Mas os produtos químicos na Europa estão enfrentando a extinção. As políticas governamentais resultaram em preços de energia enormemente altos e contas de imposto sobre carbono esmagadoras.

A INEOS opera uma das maiores e mais avançadas instalações petroquímicas integradas da Europa, em Colônia. Produz muitas matérias-primas essenciais para a vida moderna e emprega 10.000 pessoas, incluindo os serviços de apoio.

A conta de gás é 100 milhões maior que sua equivalente nos EUA. A conta de luz é 40 milhões maior do que nos EUA. O projeto de lei do imposto sobre carbono está subindo para um chocante €100 milhões.

A indústria está em crise com desvantagens enormes. Em vez de investir no crescimento para o futuro, está lutando pela sobrevivência.

As políticas do governo vão fechar todos os petroquímicos na Europa. Todos os nossos principais concorrentes estão planejando a retirada da Europa, já que o governo falhou em agir repetidas vezes.

A consequência dessa política é que a Europa importará todas as matérias-primas dos EUA e da China, que se beneficiarão enormemente.

Descarbonizar a Europa por meio da desindustrialização é idiota. Perdemos empregos e segurança, e o CO2 simplesmente volta para a Europa de qualquer forma.

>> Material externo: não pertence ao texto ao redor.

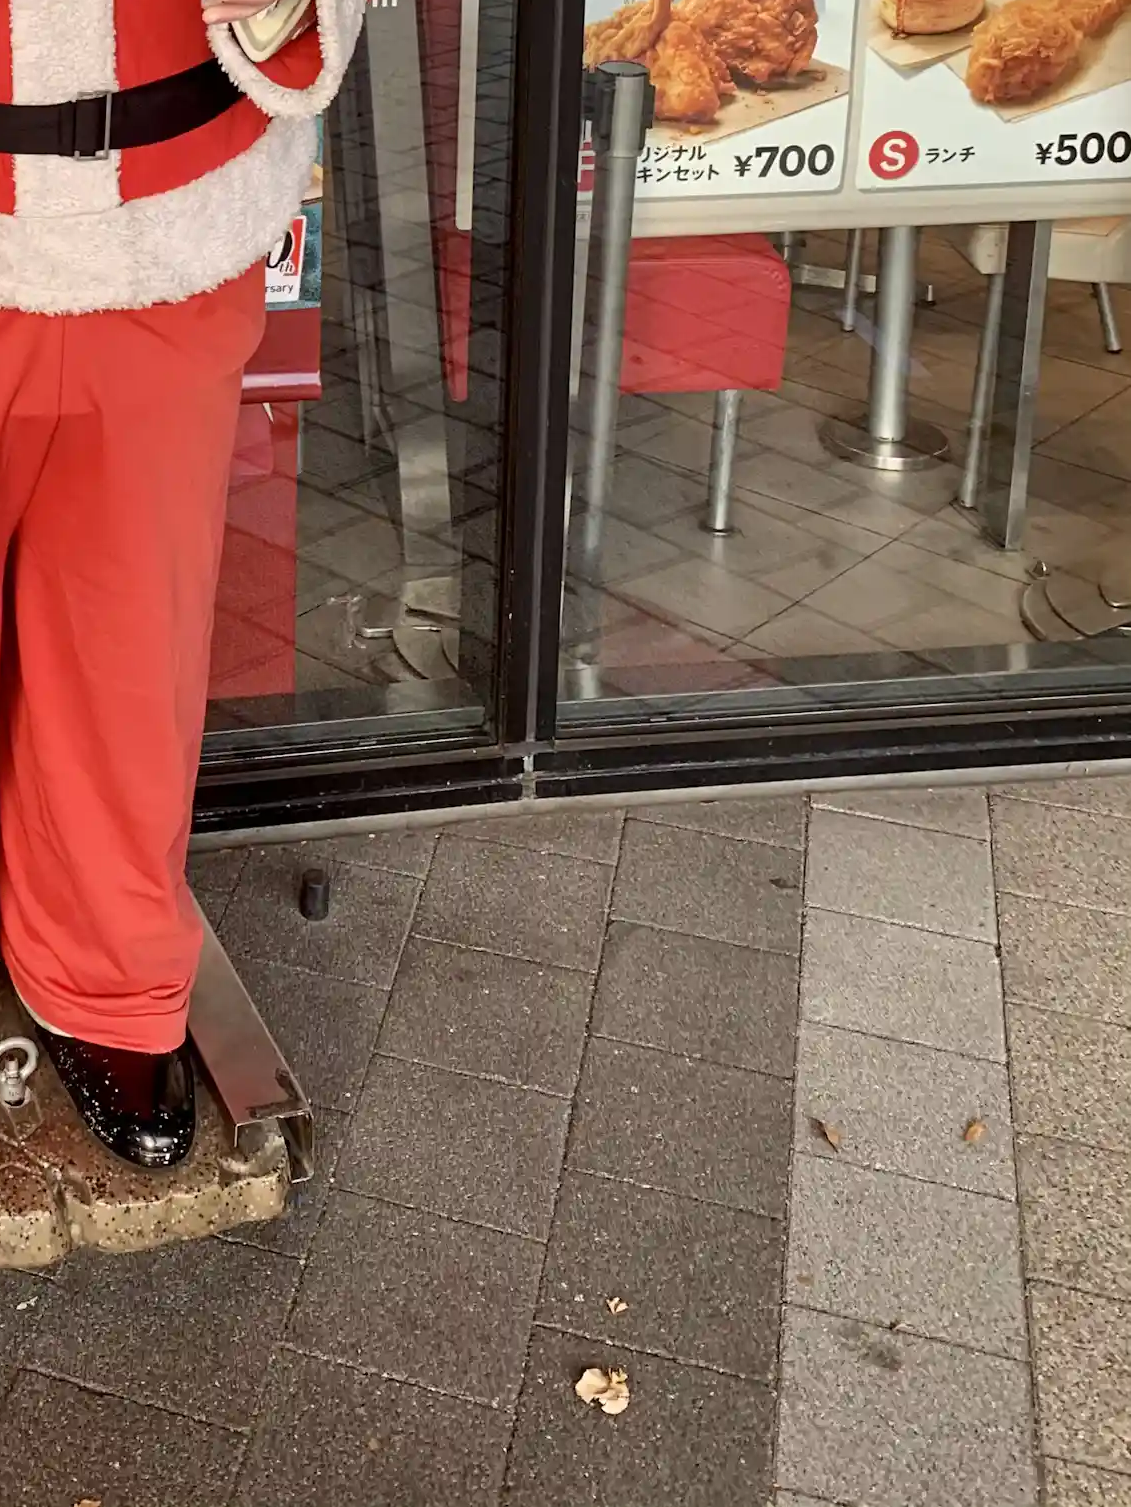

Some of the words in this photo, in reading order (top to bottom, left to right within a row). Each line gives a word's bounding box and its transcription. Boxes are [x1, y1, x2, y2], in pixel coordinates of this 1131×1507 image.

A solução é banir o imposto sobre carbono, fornecer energia competitiva para a indústria e incentivar o crescimento e a tecnologia limpa. Também precisamos de barreiras tarifárias enquanto essas mudanças estão sendo implementadas, senão não restará nada.

Essa é a abordagem dos EUA, onde eles valorizam a indústria e seu emprego de alto valor e estão deixando a Europa para trás.